**Assigned task:**
For every entry below, give it back exactly and leave out any image.

**Data under study:**
====

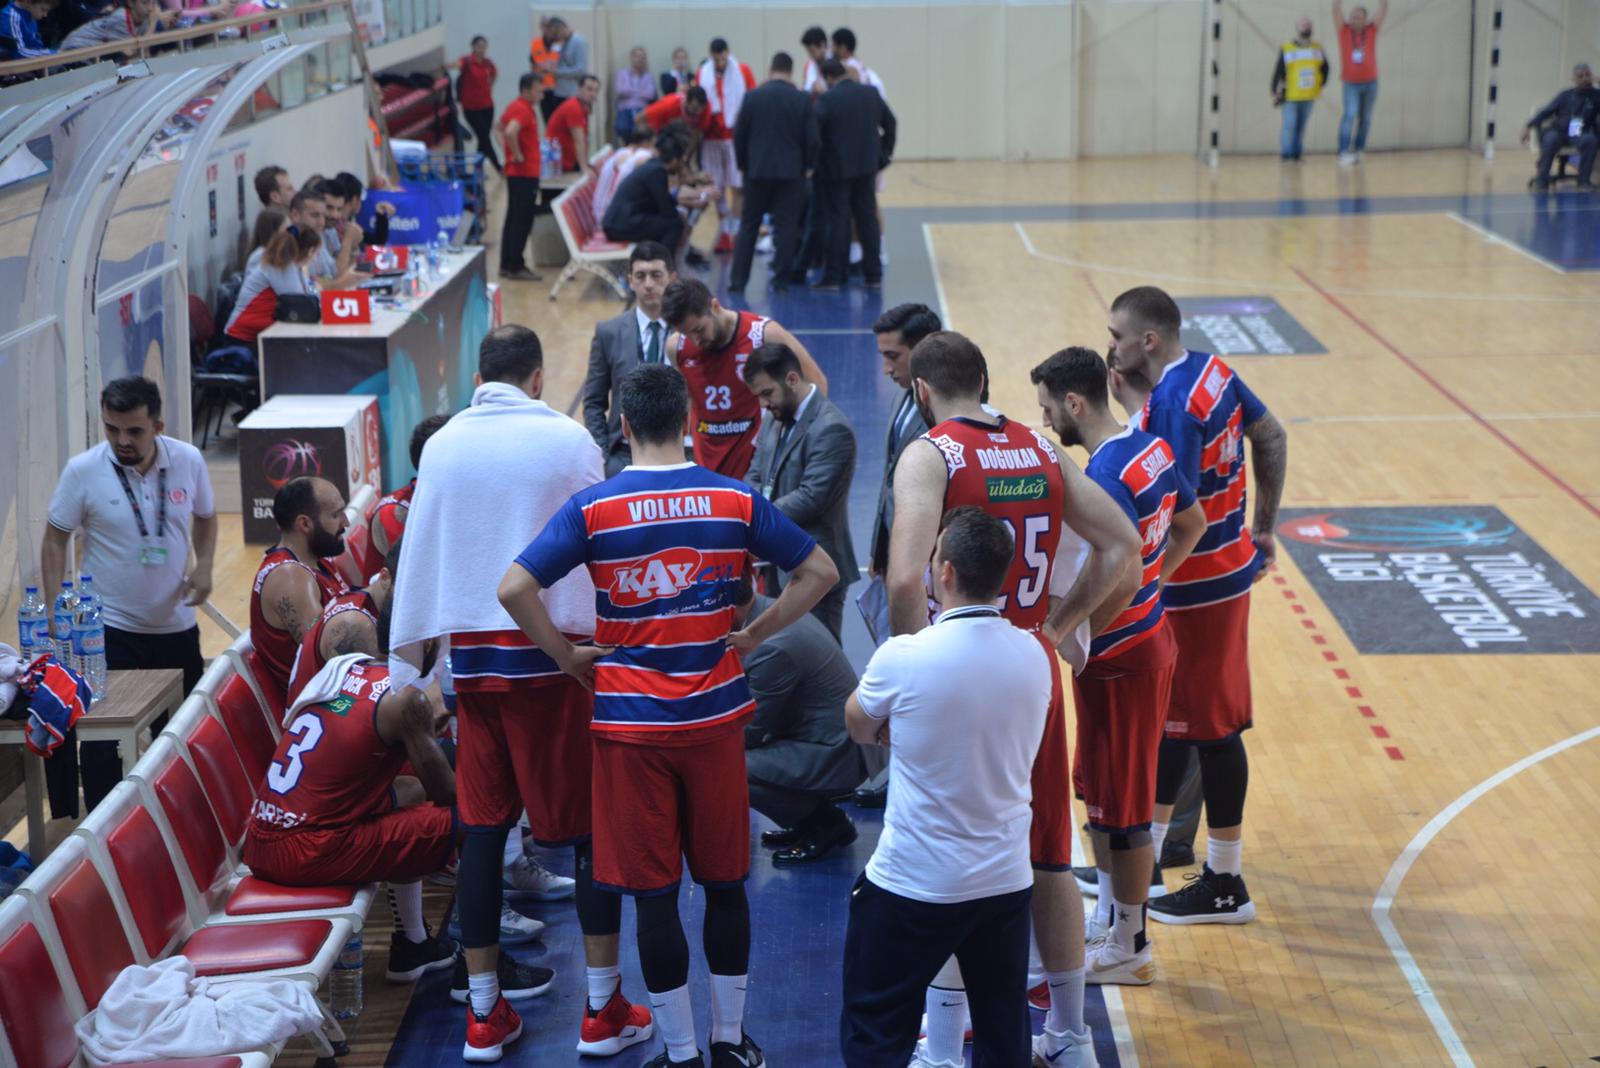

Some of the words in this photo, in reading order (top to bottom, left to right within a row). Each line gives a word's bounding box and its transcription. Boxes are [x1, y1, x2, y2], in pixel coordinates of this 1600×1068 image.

[332, 298, 359, 317] 5
[704, 385, 732, 411] 23
[976, 445, 1042, 470] DOĞUKAN
[988, 479, 1048, 499] uludağ
[627, 495, 712, 522] VOLKAN
[998, 515, 1050, 608] 5
[616, 559, 694, 599] KAY
[1463, 552, 1586, 618] TÜRKİYE
[1388, 552, 1529, 648] BASKETBOL
[266, 712, 324, 795] 3

====

**Answer to the exercise:**
Some of the words in this photo, in reading order (top to bottom, left to right within a row). Each line gives a word's bounding box and its transcription. Boxes are [x1, y1, x2, y2], in pixel coordinates of this 1600×1068 image.

[332, 298, 359, 317] 5
[704, 385, 732, 411] 23
[976, 445, 1042, 470] DOĞUKAN
[988, 479, 1048, 499] uludağ
[627, 495, 712, 522] VOLKAN
[998, 515, 1050, 608] 5
[616, 559, 694, 599] KAY
[1463, 552, 1586, 618] TÜRKİYE
[1388, 552, 1529, 648] BASKETBOL
[266, 712, 324, 795] 3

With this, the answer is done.